Document Type

Article

Publication Date

2008

Abstract

Acipensericola petersoni n. gen., n. sp. (Digenea: Aporocotylidae) infects the heart of the American paddlefish Polyodon spathula (Walbaum, 1792) in the Mississippi Delta. It has robust, spike-like body spines arranged in ventrolateral transverse rows; a bowl-shaped anterior sucker centered on the mouth and having minute spines on the inner anteroventral surface only; a pharynx; an inverse U-shaped ceca extending to near the posterior body end; intercecal testes comprising a pre-ovarian testicular column plus a single testis posteriorly; an extensively lobed ovary located medially and immediately posterior to the testicular column; a spherical ootype that is intercecal and post-ovarian; a Laurer’s canal; and a common genital pore. The new species is the first-named aporocotylid collected from a basal actinopterygian.
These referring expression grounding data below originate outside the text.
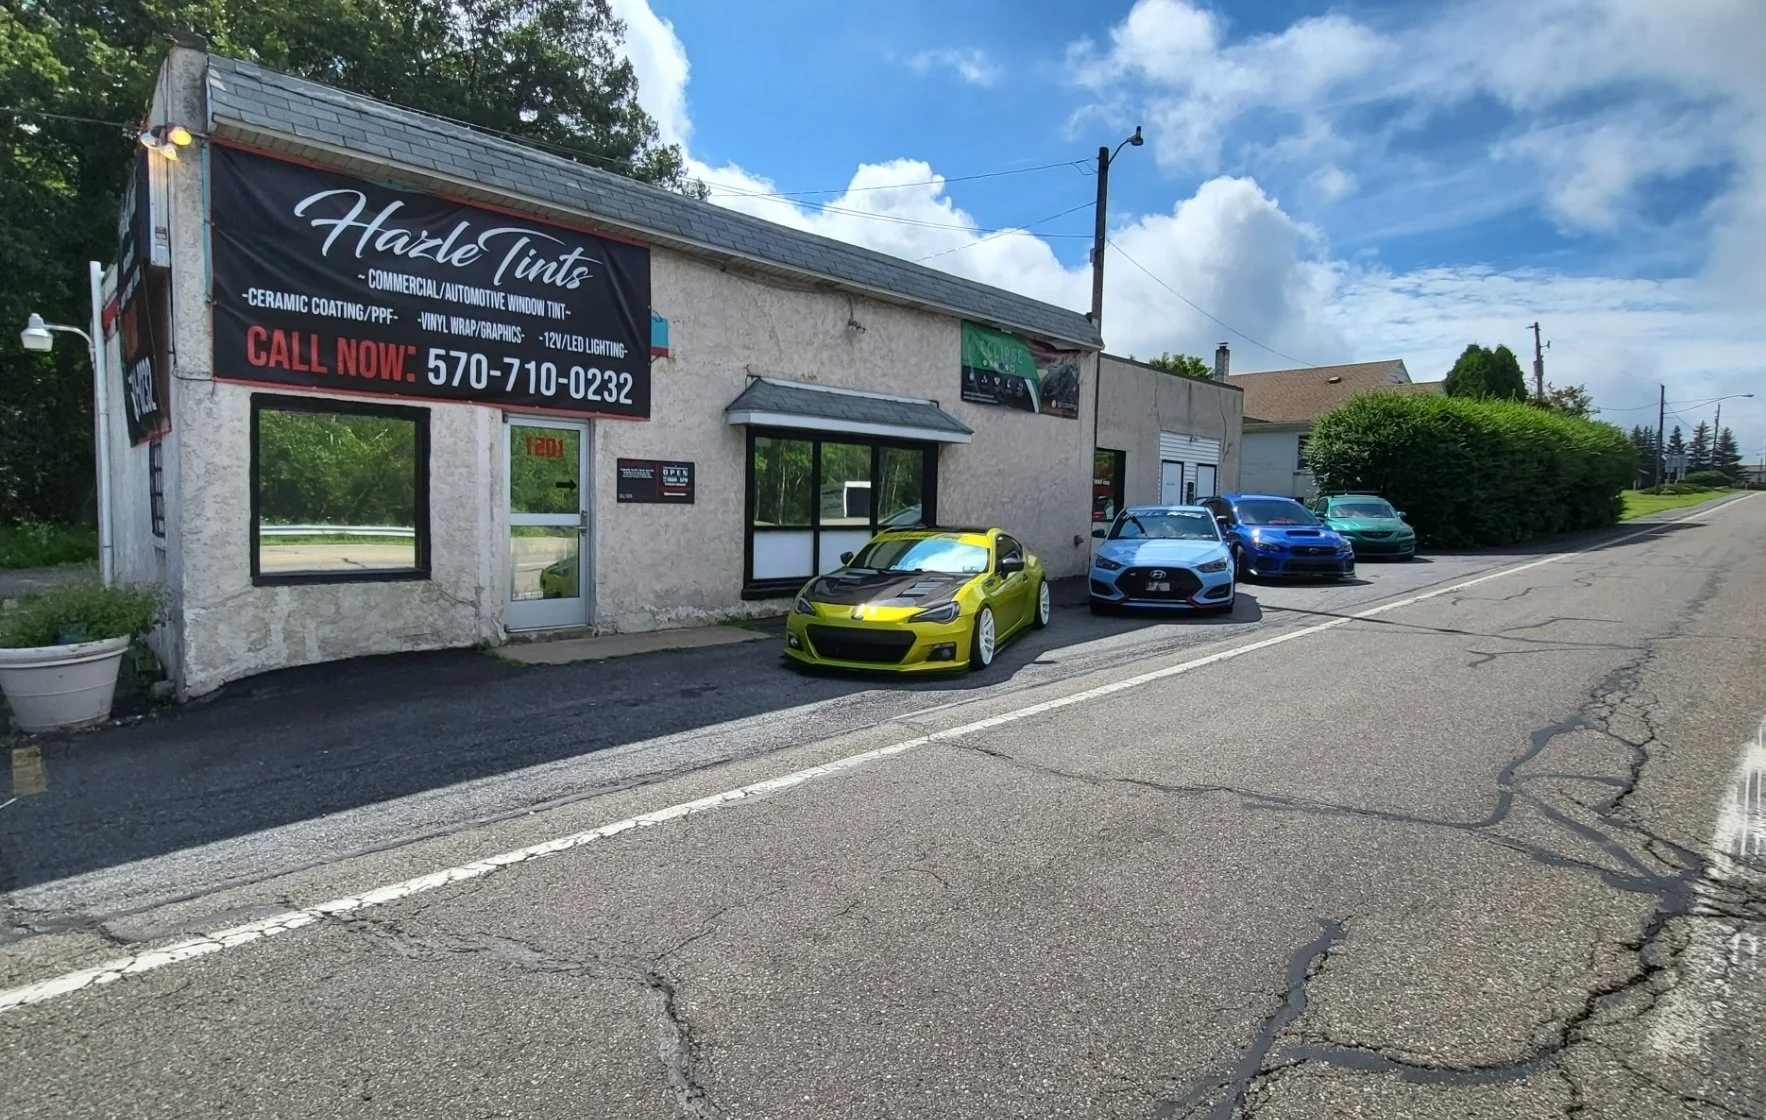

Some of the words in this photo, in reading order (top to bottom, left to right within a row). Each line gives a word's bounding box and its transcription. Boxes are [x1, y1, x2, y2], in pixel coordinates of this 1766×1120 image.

[294, 189, 481, 267] Hazle
[478, 227, 604, 289] Tints
[368, 268, 505, 310] COMMERCIAL/AUTOMOTIVE
[508, 293, 545, 315] WINDOW
[247, 325, 328, 374] CALL
[336, 337, 416, 383] NOW:
[427, 347, 633, 405] 570-710-0232
[663, 469, 688, 477] OPEN
It resembles the chondrichthyan aporocotylids Chimaerohemecus trondheimensis, Orchispirium heterovitellatum, and Hyperandrotrema cetorhini in having an inverse U-shaped ceca, but it is morphologically most similar to the anguilliform aporocotylid Paracardicoloides yamagutii in having that feature plus a comparable anterior sucker, a single testis posteriorly, an intertesticular ovary, and a common genital pore. Sequence data for the complete small subunit ribosomal DNA (18S) do not refute its membership within Aporocotylidae nor its affinity to 1 of those aforementioned aporocotylids: A. petersoni was basal to the few teleost aporocotylids analyzed, and C. trondheimensis was the only taxon basal to A. petersoni. We regard the specimens of Spirorchis sp. previously reported from the shortnose sturgeon Acipenser brevirostrum Lesueur, 1818 as congeneric with the new species.